I have the same opinion as you: I am not fond of infinite scroll. Tough, with time, this might change.
In his blog post The End of Pagination, Jeff Atwood makes the point that
Above all else, you should strive to make pagination irrelevant because the user never has to look at more than a few items to find what they need
This satement does not quite holds in the context of online dating where the user is likely to go back and forth quite a bit with the search results.
So my advice would be: whatever choice you end up with, make it easy to the user to browse a profile page, go back to the results page, browse a new profile page, go back to results, and so on. I would also try different browsing habits: either do this scenario with only one tab open, or by opening a new tab when checking a profile page. (this opens two questions. One: is it easy to open a profile link in a new page by middle clicking. Watch out for this kind of behaviour. Two: should you be able to go back with a link to the results page once you opened a profile in a new tab? Because in this case you cannot hit the browser back button.)
Jeff Atwood also points out some of the drawbacks of endless pagination, or infinite scroll:
- The scroll bar, the user's moral compass of "how much more is there?"
doesn't work in endless pagination because it is effectively infinite.
You'll need an alternate method of providing that crucial feedback,
perhaps as a simple percent loaded text docked at the bottom of the
page.
- Endless pagination should not break deep linking. Even without the
concept of a "page", users should be able to clearly and obviously
link to any specific item in the list. Clicking the browser forward or
back button should preserve the user's position in the endless
scrolling stream, perhaps using pushState.
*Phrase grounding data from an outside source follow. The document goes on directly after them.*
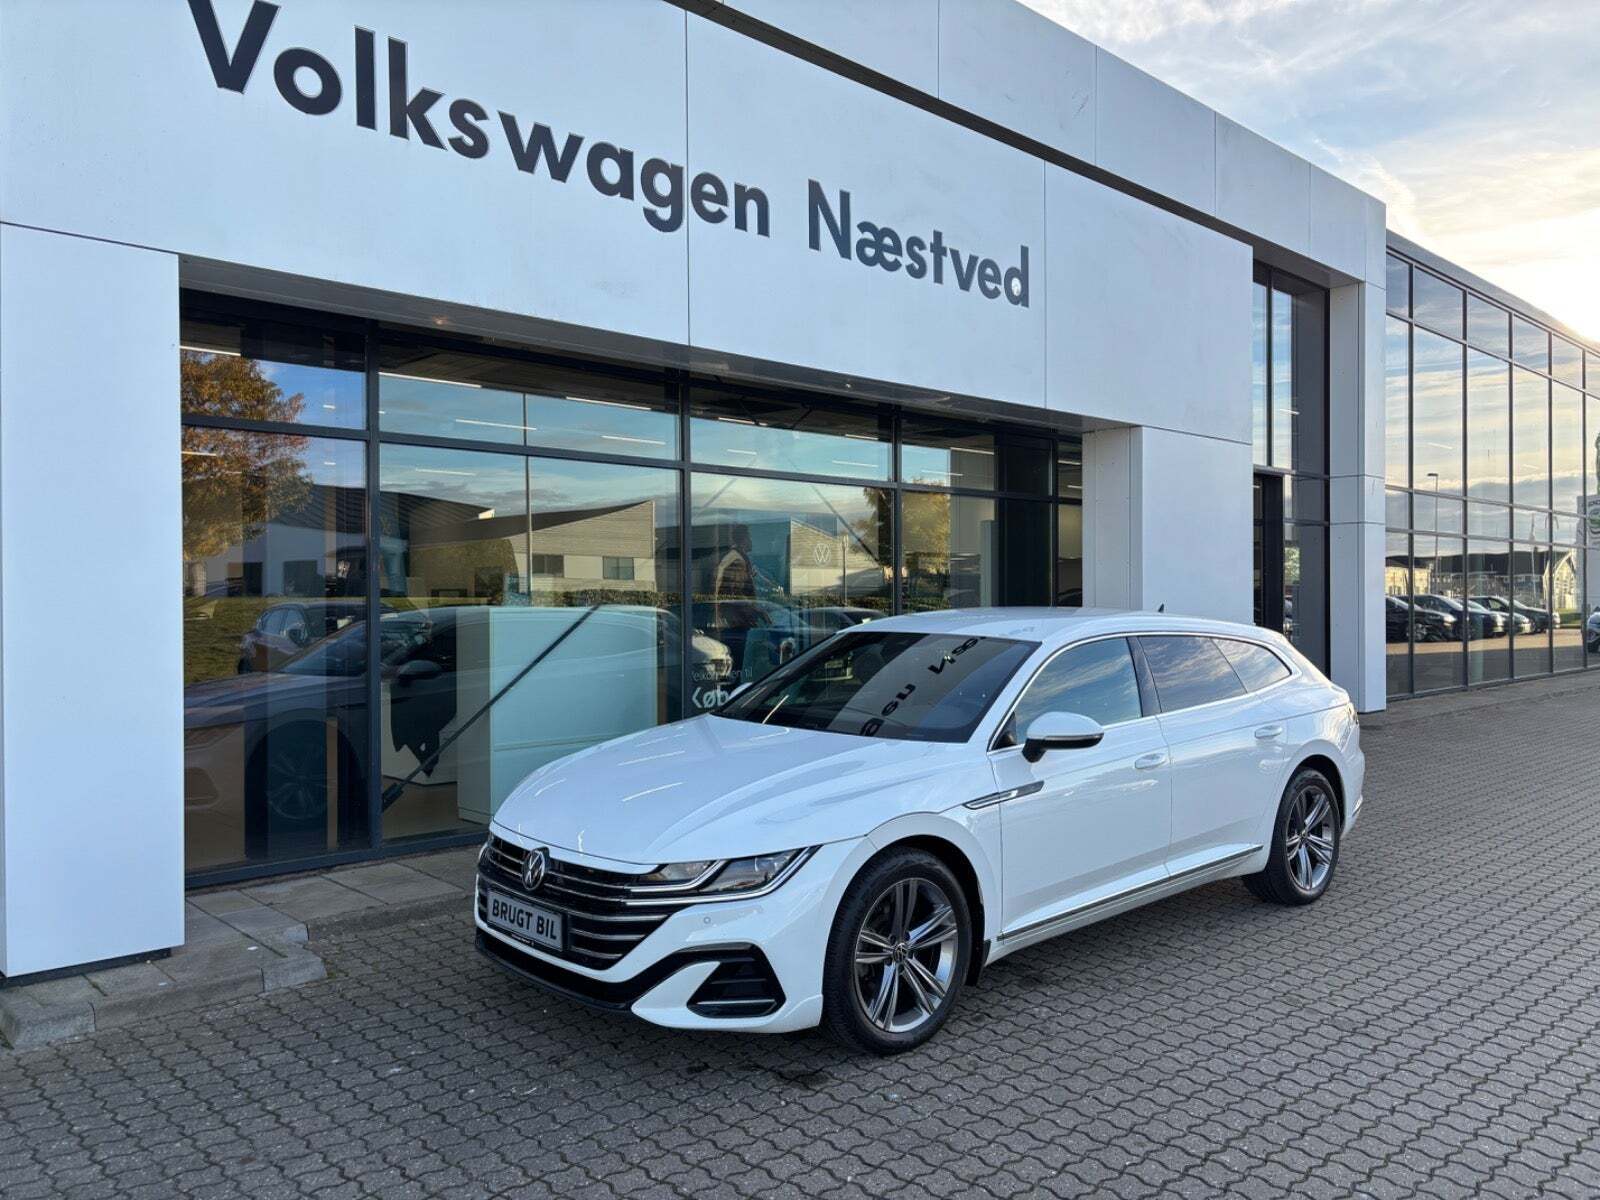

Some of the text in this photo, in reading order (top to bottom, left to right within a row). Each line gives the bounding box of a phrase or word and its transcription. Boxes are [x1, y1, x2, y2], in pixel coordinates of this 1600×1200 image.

[188, 0, 1030, 309] Volkswagen Næstved
[491, 898, 533, 931] BRUGT
[536, 915, 557, 940] BIL
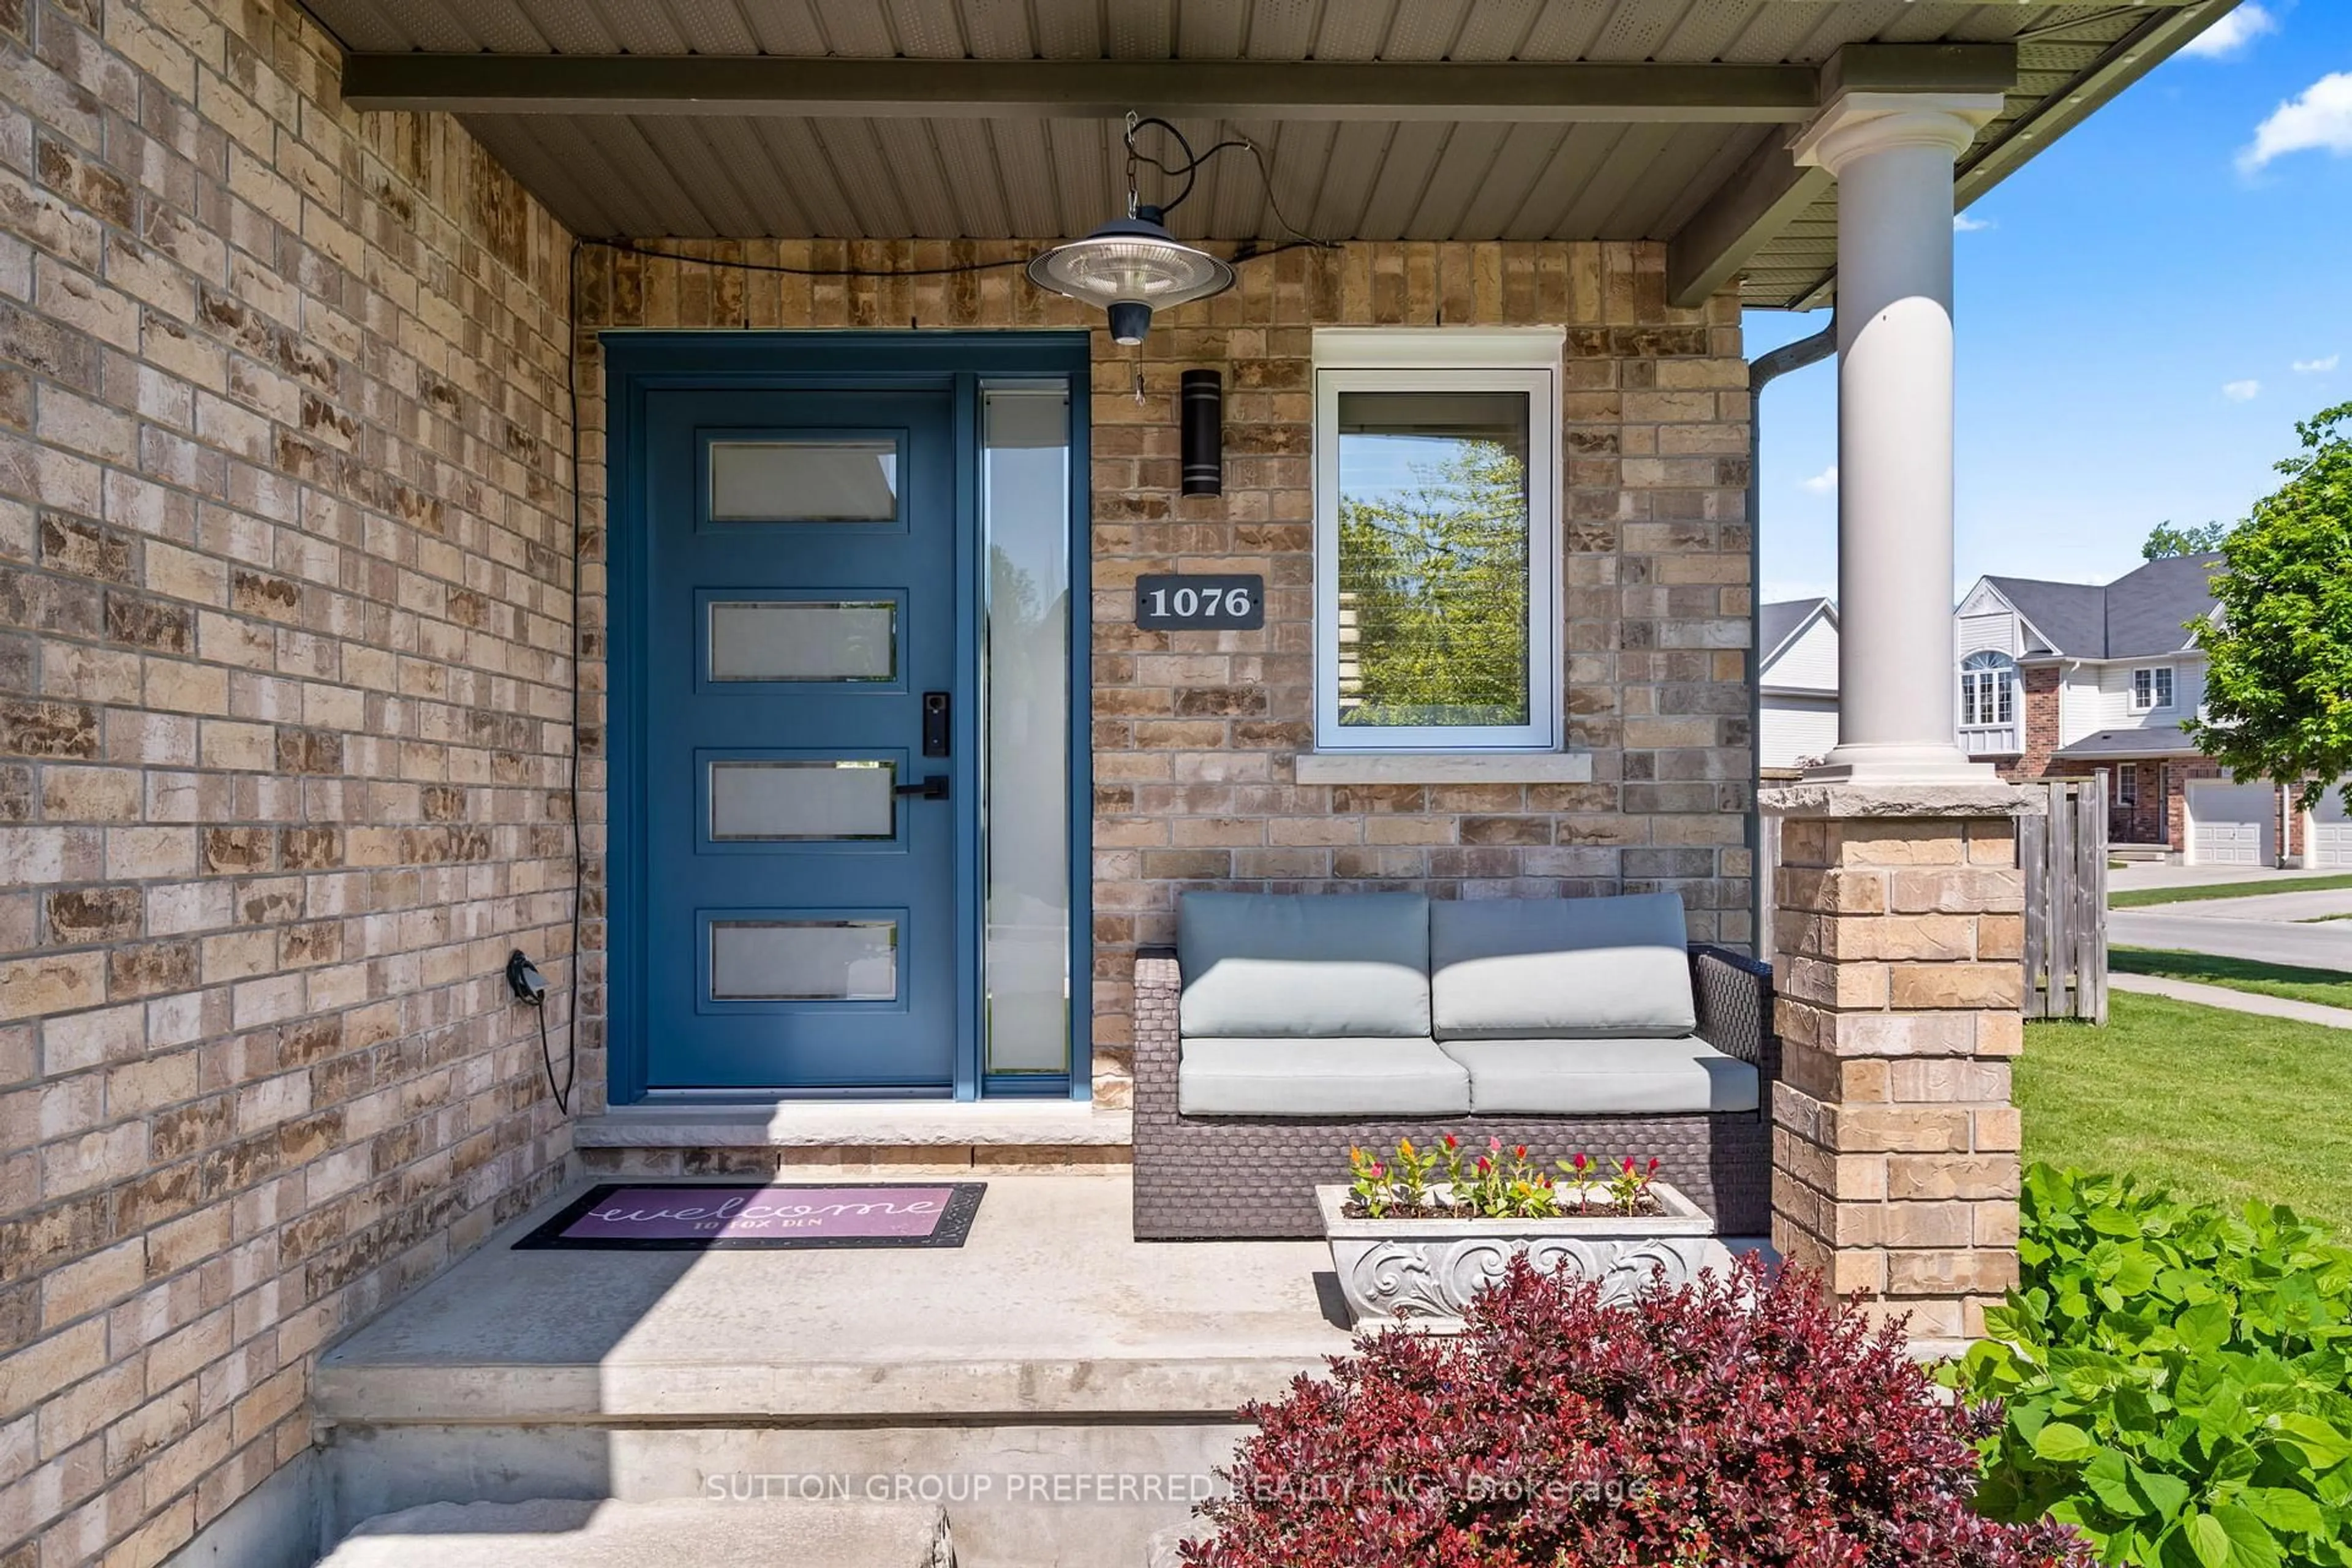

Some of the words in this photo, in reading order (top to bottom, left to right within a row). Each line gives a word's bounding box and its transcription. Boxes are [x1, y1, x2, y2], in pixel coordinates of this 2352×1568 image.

[1150, 588, 1251, 617] 1076
[589, 1197, 943, 1221] welcome
[693, 1221, 720, 1230] TO
[729, 1219, 771, 1230] FOX
[782, 1218, 823, 1227] DEN
- Clicking the browser forward or back button should preserve the user's
position in the endless scrolling stream, perhaps using pushState.
- Pagination may be a bad user experience, but it's essential for web
spiders. Don't neglect to accommodate web search engines with a
traditional paging scheme, too, or perhaps a Sitemap.
- Provide visible feedback when you're dynamically loading new items in
the list, so the user can tell that new items are coming, and their
browser isn't hung – and that they haven't reached the bottom yet.
- Remember that the user won't be able to reach the footer (or the
header) any more, because items keep appearing as they scroll down in
the river of endless content. So either move to static headers and
footers, or perhaps use the explicit "load more" button instead of
loading new content automatically.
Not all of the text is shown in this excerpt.